Instructions for the task.
Copy every line below precisely, leaving nothing out.

Data records.
== Segment start ==

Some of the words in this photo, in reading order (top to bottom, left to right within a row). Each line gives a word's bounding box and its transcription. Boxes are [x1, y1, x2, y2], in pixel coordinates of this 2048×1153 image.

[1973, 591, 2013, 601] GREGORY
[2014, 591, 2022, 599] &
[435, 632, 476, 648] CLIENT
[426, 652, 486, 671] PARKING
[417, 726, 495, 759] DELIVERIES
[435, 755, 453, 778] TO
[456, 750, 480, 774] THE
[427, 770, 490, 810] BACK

== Segment end ==

Exercise result.
Some of the words in this photo, in reading order (top to bottom, left to right within a row). Each line gives a word's bounding box and its transcription. Boxes are [x1, y1, x2, y2], in pixel coordinates of this 2048×1153 image.

[1973, 591, 2013, 601] GREGORY
[2014, 591, 2022, 599] &
[435, 632, 476, 648] CLIENT
[426, 652, 486, 671] PARKING
[417, 726, 495, 759] DELIVERIES
[435, 755, 453, 778] TO
[456, 750, 480, 774] THE
[427, 770, 490, 810] BACK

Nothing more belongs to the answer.